(Stored dataset items)
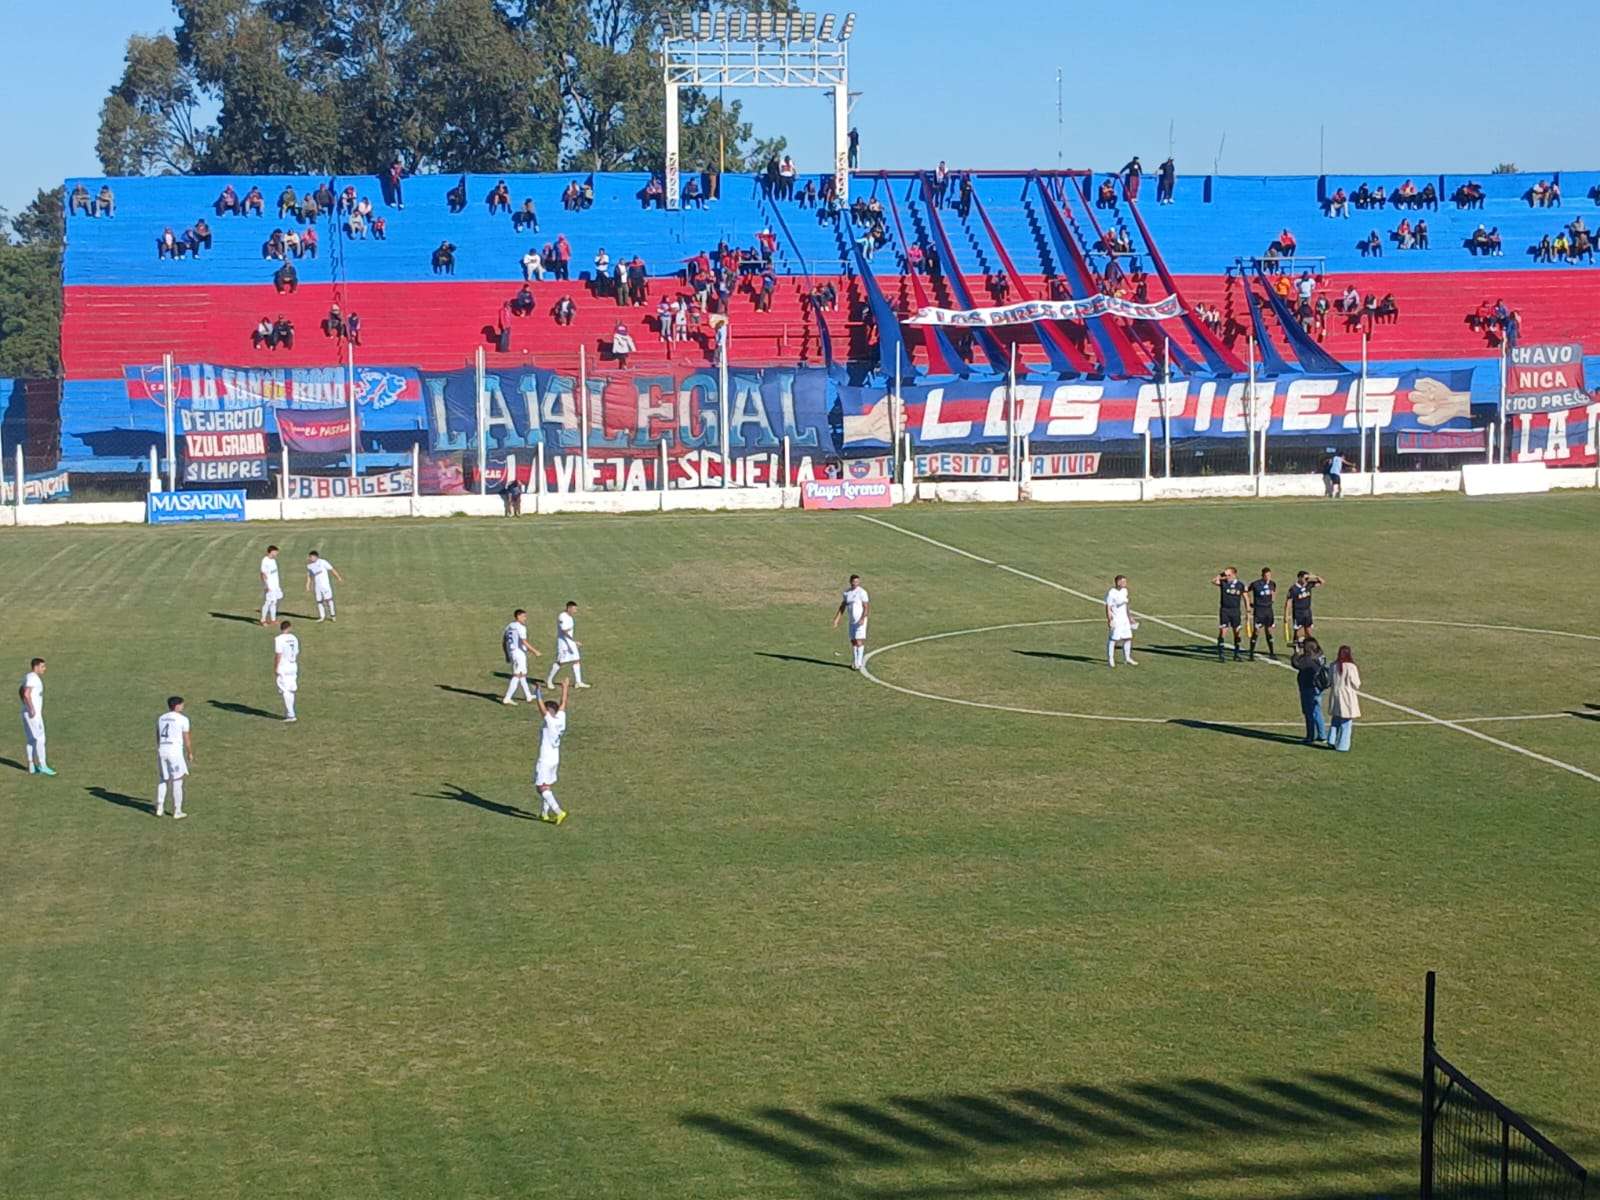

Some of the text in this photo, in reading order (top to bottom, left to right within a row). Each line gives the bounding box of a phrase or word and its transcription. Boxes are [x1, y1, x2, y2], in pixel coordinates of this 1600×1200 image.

[1511, 346, 1573, 364] CHAVO
[1520, 371, 1568, 389] NICA
[584, 373, 818, 449] LEGAL
[921, 377, 1400, 441] LOS PIBES
[186, 460, 263, 481] SIEMPRE
[554, 454, 648, 493] VIEJA
[912, 455, 992, 476] ECESITO
[998, 455, 1044, 475] PA
[1051, 454, 1095, 474] VIVIR
[807, 481, 886, 500] Playa Lorenzo
[151, 493, 243, 512] MASARINA
[160, 722, 170, 741] 4
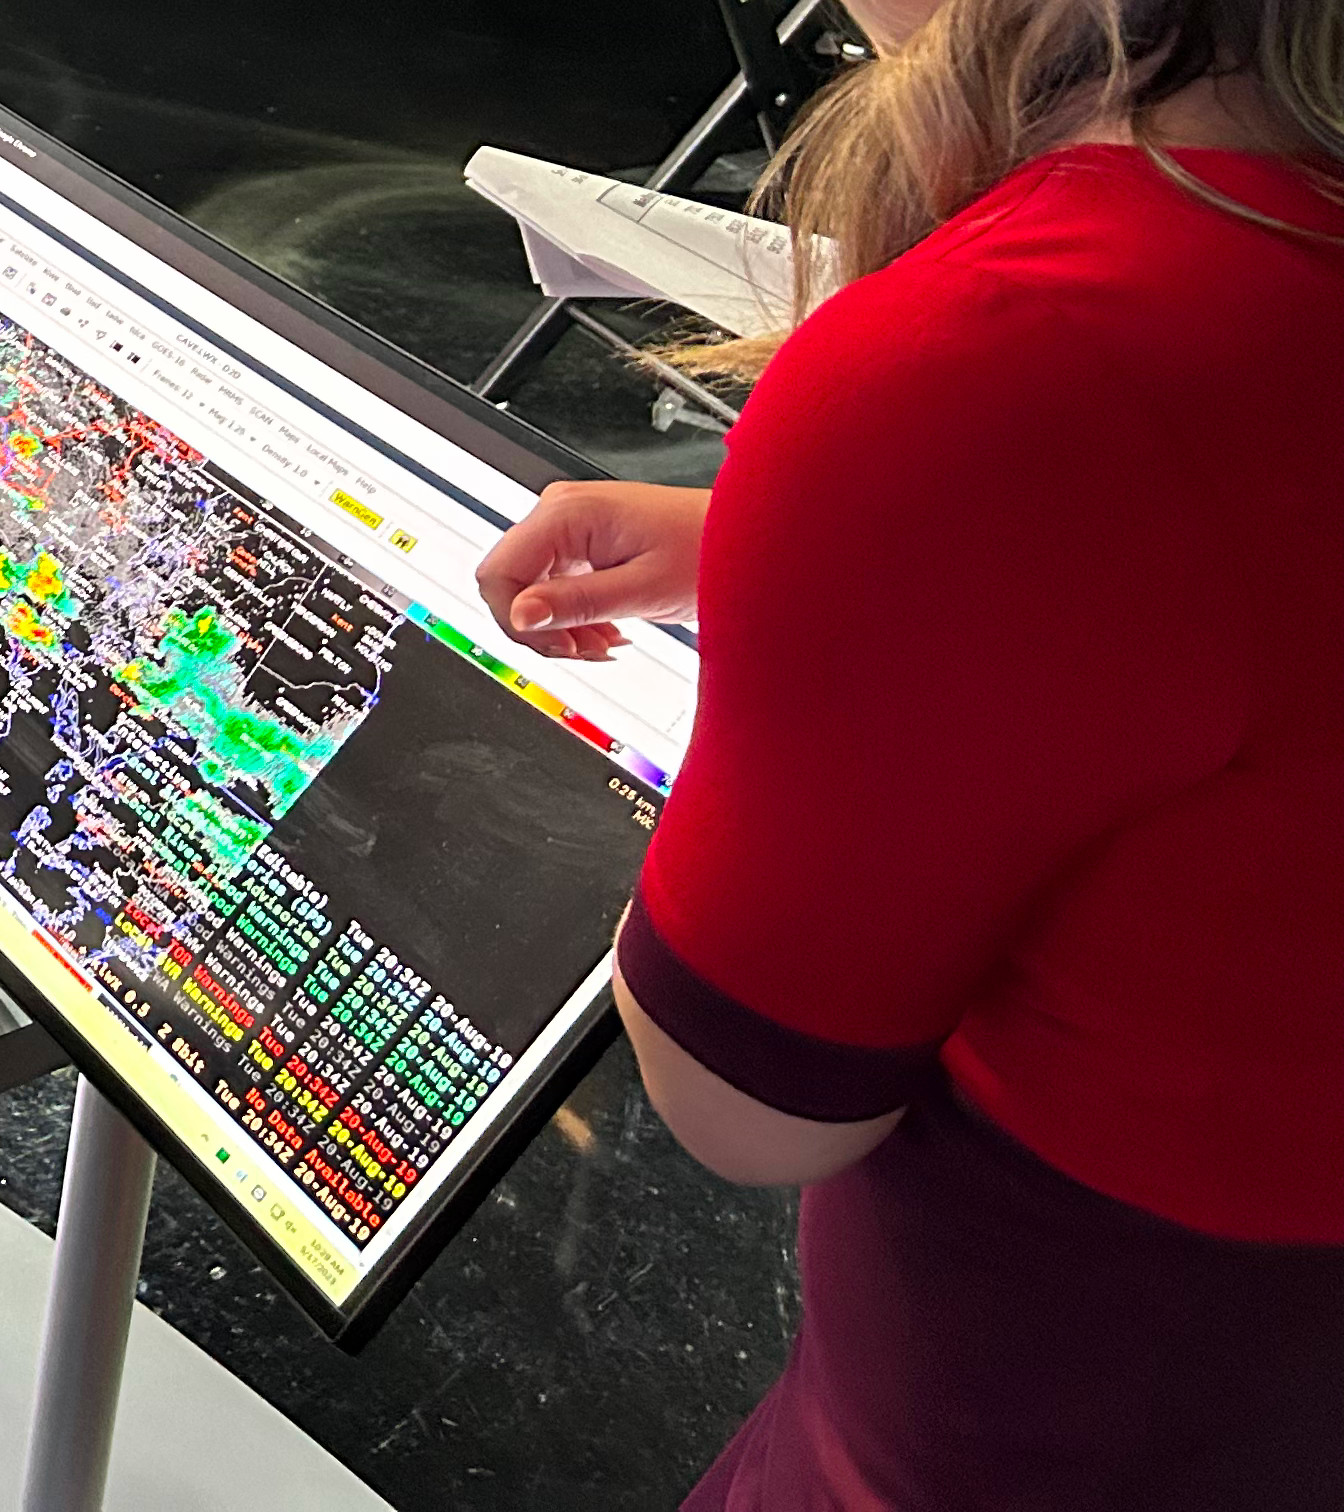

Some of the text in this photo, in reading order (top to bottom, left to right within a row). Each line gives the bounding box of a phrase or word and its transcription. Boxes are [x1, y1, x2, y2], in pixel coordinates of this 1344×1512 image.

[332, 490, 378, 528] WarnGen
[329, 611, 354, 634] Kent
[112, 911, 156, 953] Local
[152, 951, 184, 982] SVR
[176, 976, 248, 1044] Warnings
[243, 1038, 278, 1072] Tue
[272, 1065, 332, 1122] 20:34Z
[322, 1119, 410, 1201] 20-Aug-19
[118, 786, 163, 830] Local
[242, 900, 312, 966] Warnings
[310, 959, 344, 991] Tue
[340, 985, 399, 1040] 20:34Z
[393, 1035, 479, 1116] 20-Aug-19
[123, 899, 166, 941] Local
[164, 938, 195, 968] TOR
[187, 963, 259, 1032] Warnings
[254, 1024, 289, 1058] Tue
[283, 1052, 343, 1108] 20:34Z
[334, 1105, 420, 1187] 20-Aug-19
[210, 938, 280, 1004] Warnings
[277, 999, 310, 1030] Tue
[307, 1026, 364, 1080] 20:34Z
[359, 1078, 443, 1157] 20-Aug-19
[220, 925, 455, 1144] Warnings Tue 20:34Z 20-Aug-19
[231, 911, 302, 979] Warnings
[300, 972, 332, 1004] Tue
[329, 998, 387, 1053] 20:34Z
[381, 1049, 467, 1130] 20-Aug-19
[239, 872, 324, 952] Advisories
[321, 945, 355, 978] Tue
[352, 972, 409, 1026] 20:34Z
[404, 1021, 490, 1101] 20-Aug-19
[288, 893, 335, 938] (SPS)
[332, 932, 366, 965] Tue
[363, 958, 421, 1013] 20:34Z
[416, 1006, 503, 1088] 20-Aug-19
[343, 919, 378, 952] Tue
[374, 945, 432, 1000] 20:34Z
[429, 991, 515, 1073] 20-Aug-19
[120, 987, 154, 1020] 0.5
[154, 1021, 174, 1041] Z
[210, 1078, 245, 1112] Tue
[236, 1107, 297, 1165] 20:34Z
[287, 1160, 376, 1244] 20-Aug-19
[167, 989, 237, 1055] Warnings
[233, 1052, 266, 1084] Tue
[261, 1081, 318, 1135] 20:34Z
[312, 1133, 398, 1214] 20-Aug-19
[198, 951, 269, 1018] Warnings
[266, 1012, 299, 1044] Tue
[296, 1039, 354, 1094] 20:34Z
[346, 1092, 432, 1172] 20-Aug-19
[242, 1086, 387, 1229] No Data Available

#### What needs to be done:
The answer is the full set of records printed exactly, less the pictures.

#### Written answer:
Some of the text in this photo, in reading order (top to bottom, left to right within a row). Each line gives the bounding box of a phrase or word and its transcription. Boxes are [x1, y1, x2, y2], in pixel coordinates of this 1600×1200 image.

[1511, 346, 1573, 364] CHAVO
[1520, 371, 1568, 389] NICA
[584, 373, 818, 449] LEGAL
[921, 377, 1400, 441] LOS PIBES
[186, 460, 263, 481] SIEMPRE
[554, 454, 648, 493] VIEJA
[912, 455, 992, 476] ECESITO
[998, 455, 1044, 475] PA
[1051, 454, 1095, 474] VIVIR
[807, 481, 886, 500] Playa Lorenzo
[151, 493, 243, 512] MASARINA
[160, 722, 170, 741] 4

Some of the text in this photo, in reading order (top to bottom, left to right within a row). Each line gives the bounding box of a phrase or word and its transcription. Boxes are [x1, y1, x2, y2], in pixel coordinates of this 1344×1512 image.

[332, 490, 378, 528] WarnGen
[329, 611, 354, 634] Kent
[112, 911, 156, 953] Local
[152, 951, 184, 982] SVR
[176, 976, 248, 1044] Warnings
[243, 1038, 278, 1072] Tue
[272, 1065, 332, 1122] 20:34Z
[322, 1119, 410, 1201] 20-Aug-19
[118, 786, 163, 830] Local
[242, 900, 312, 966] Warnings
[310, 959, 344, 991] Tue
[340, 985, 399, 1040] 20:34Z
[393, 1035, 479, 1116] 20-Aug-19
[123, 899, 166, 941] Local
[164, 938, 195, 968] TOR
[187, 963, 259, 1032] Warnings
[254, 1024, 289, 1058] Tue
[283, 1052, 343, 1108] 20:34Z
[334, 1105, 420, 1187] 20-Aug-19
[210, 938, 280, 1004] Warnings
[277, 999, 310, 1030] Tue
[307, 1026, 364, 1080] 20:34Z
[359, 1078, 443, 1157] 20-Aug-19
[220, 925, 455, 1144] Warnings Tue 20:34Z 20-Aug-19
[231, 911, 302, 979] Warnings
[300, 972, 332, 1004] Tue
[329, 998, 387, 1053] 20:34Z
[381, 1049, 467, 1130] 20-Aug-19
[239, 872, 324, 952] Advisories
[321, 945, 355, 978] Tue
[352, 972, 409, 1026] 20:34Z
[404, 1021, 490, 1101] 20-Aug-19
[288, 893, 335, 938] (SPS)
[332, 932, 366, 965] Tue
[363, 958, 421, 1013] 20:34Z
[416, 1006, 503, 1088] 20-Aug-19
[343, 919, 378, 952] Tue
[374, 945, 432, 1000] 20:34Z
[429, 991, 515, 1073] 20-Aug-19
[120, 987, 154, 1020] 0.5
[154, 1021, 174, 1041] Z
[210, 1078, 245, 1112] Tue
[236, 1107, 297, 1165] 20:34Z
[287, 1160, 376, 1244] 20-Aug-19
[167, 989, 237, 1055] Warnings
[233, 1052, 266, 1084] Tue
[261, 1081, 318, 1135] 20:34Z
[312, 1133, 398, 1214] 20-Aug-19
[198, 951, 269, 1018] Warnings
[266, 1012, 299, 1044] Tue
[296, 1039, 354, 1094] 20:34Z
[346, 1092, 432, 1172] 20-Aug-19
[242, 1086, 387, 1229] No Data Available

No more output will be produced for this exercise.